Amazingly, more effed up than it looks.

You ever wonder why so many superhero movies are origin stories, or why so many good superhero origin story movies have awful sequels? You ever wonder why Labyrinth is so much more interesting than Fraggle Rock, despite sharing many superficial similarities?

Well, there are a lot of reasons for that last one (the relationship between Doozers and Fraggles is the creepiest thing I came across as a child, bar none), but growing-up stories are relatively easy to do well. They lean toward being insightful, funny, motivating, compassionate and inspiring.

There’s a natural narrative to it — a beginning, a middle and an end. There are changes, important choices, irony, setbacks, triumph, discovery, despair, sex, violence, conflict and even happy endings. Growing up brings with it all the elements of marketable drama.

Why do Can’t Hardly Wait or Fast Times at Ridgemont High end with those “This is what happens afterward” subtitles? If this information is important to the story, why do they tell us and not show us?

Well, what would be the point? Even if it’s important, why would you want to watch it?

Growing up stories (I love to use that word Bildungsroman for them) have points. Growing up itself has a point. Puberty has a point (as about 48% of Americans have found out awkwardly in math class). It’s never acceptable or desirable — or even really possible, provided you remain in decent health — to fail to transition from a child to an adult during a certain point in your life, whatever that means to you. It is a goal set for you, not something you must decide to do yourself.

Upon entering adulthood in earnest, perhaps after a brief respite, it is easy to become obsessed with the growing up of others — to dedicate yourself to helping others grow up, to live vicariously through others growing up, to lose your adult self in children and teenagers, to watch Gossip Girl.

This is also why so many good songs are written about drug addiction. Drug addiction has a point; you want/need more drugs. If you’re not addicted to drugs, that’s its own good news. But there’s also some bad news:

Watching Matlock can be the point of your life, but it's always optional.

Because — and I hate to break it to you — after you grow up, barring kids, your life doesn’t really have a point anymore.

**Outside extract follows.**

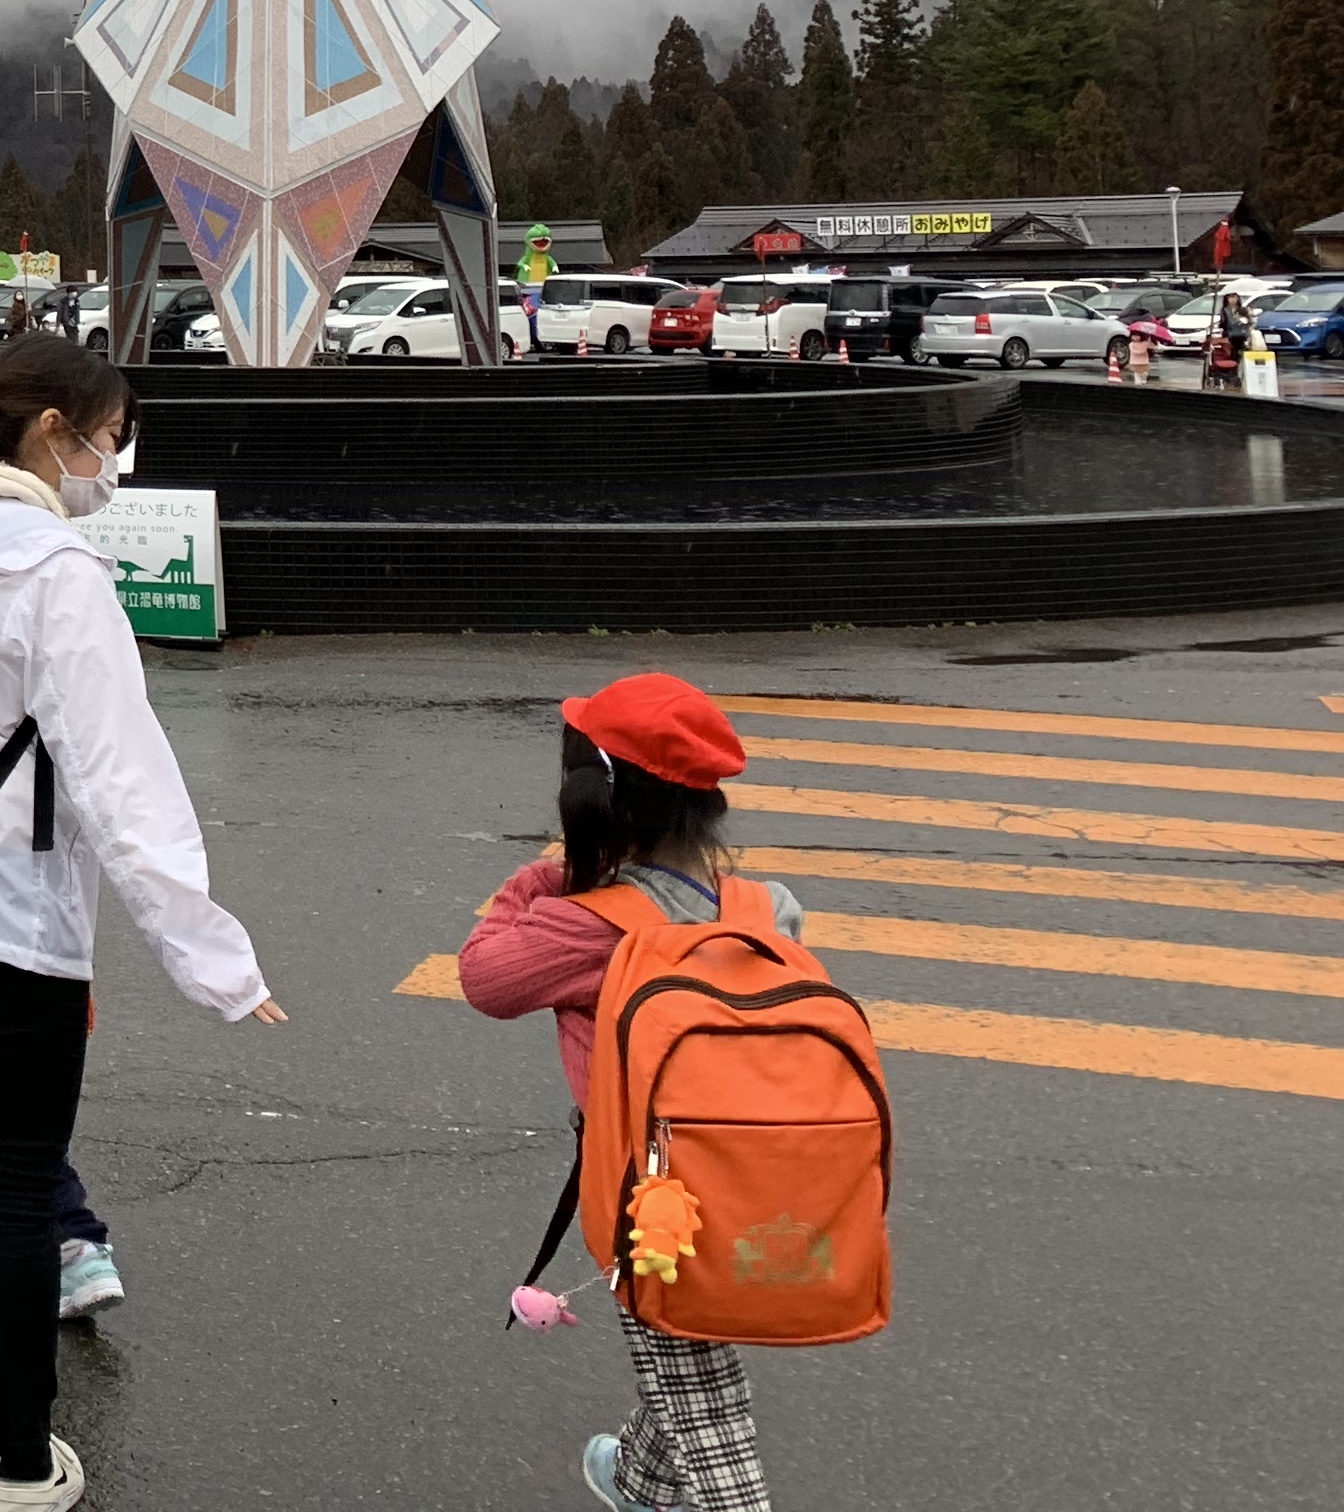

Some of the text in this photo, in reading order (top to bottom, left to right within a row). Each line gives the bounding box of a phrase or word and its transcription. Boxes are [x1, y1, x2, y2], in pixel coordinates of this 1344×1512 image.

[820, 217, 989, 233] 無料休憩所 おみやげ
[96, 523, 115, 533] you
[119, 523, 147, 534] again
[151, 525, 179, 534] soon.

Not an inherent one anyway — not one that is manifest in great physical and emotional urgency. Not one that informs everything you do and every thought you have. Not one that brings its own screenwriting team. Your life’s easiest path to a readily narritivizable purpose is not to be walked by your feet, but by those of someone smaller.

This is not to say adult life has no meaning without children. Just that, if you don’t have kids, or after they grow up, the subjective adult life doesn’t come with a point that is obvious, consonant and mandatory, as much intrinsic as extrinsic, and as much provided to the one experiencing it as by it.

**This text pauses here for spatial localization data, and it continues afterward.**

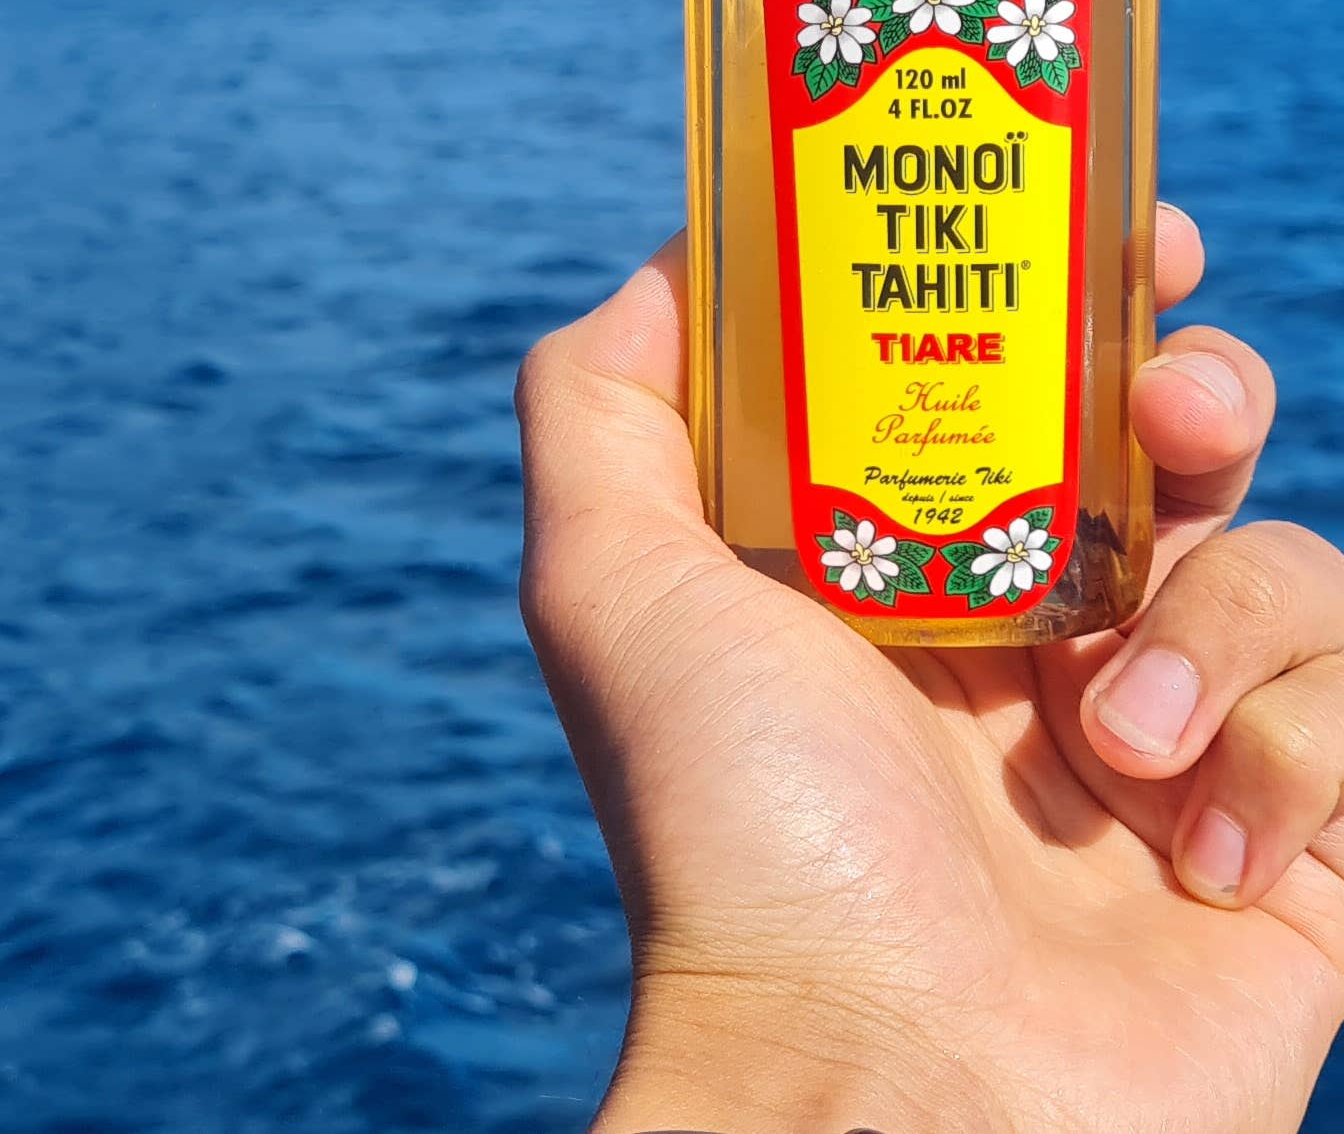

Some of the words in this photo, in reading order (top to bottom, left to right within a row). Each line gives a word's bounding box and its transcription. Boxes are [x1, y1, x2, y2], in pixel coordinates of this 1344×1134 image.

[895, 69, 933, 89] 120
[941, 68, 966, 89] ml
[888, 99, 901, 119] 4
[910, 98, 973, 119] FL.OZ
[843, 131, 1028, 195] MONOÏ
[876, 204, 988, 253] TIKI
[871, 333, 1005, 364] TIARE
[898, 382, 981, 411] Huile
[871, 414, 996, 457] Parfumée
[863, 466, 967, 490] Parfumerie
[975, 467, 1012, 485] Tiki
[901, 492, 935, 503] depuis
[948, 493, 975, 503] since
[913, 508, 963, 524] 1942

Nope, after you grow up, after you learn what you need to learn to be an adult, after you’ve gone through your sundry rites of passage and come to terms with the world, after you’ve beaten Valley, pranked the dean, succeeded in business without really trying and revealed your true gender to your best guy friend in the back room by pulling apart your ill-fitting man clothes and lambasting him with your late-night-cable femininity, there’s a block of time you get to use doing pretty much whatever you want before you die.

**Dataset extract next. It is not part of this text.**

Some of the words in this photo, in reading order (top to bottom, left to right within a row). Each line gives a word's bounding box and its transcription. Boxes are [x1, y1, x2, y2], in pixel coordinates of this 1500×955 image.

He knows a little something about pointlessness.

It tends to be pretty open-ended. It probably won’t have much of a plot unless you force it. Few people are going to want to make a movie about that when they can just tell the story of another teenager (or somebody somewhat older playing a teenager and doing all the same stuff, like Luke Perry in 90210 or Charlie Sheen in Two and a Half Men — prepare to have your mind blown: the half-man isn’t the chubby kid, it’s Charlie the Man-child).

I should clarify, this is no reason to be depressed. There is a lot to be said about the Good Life, and that it would make a Good Movie is perhaps not one of those things.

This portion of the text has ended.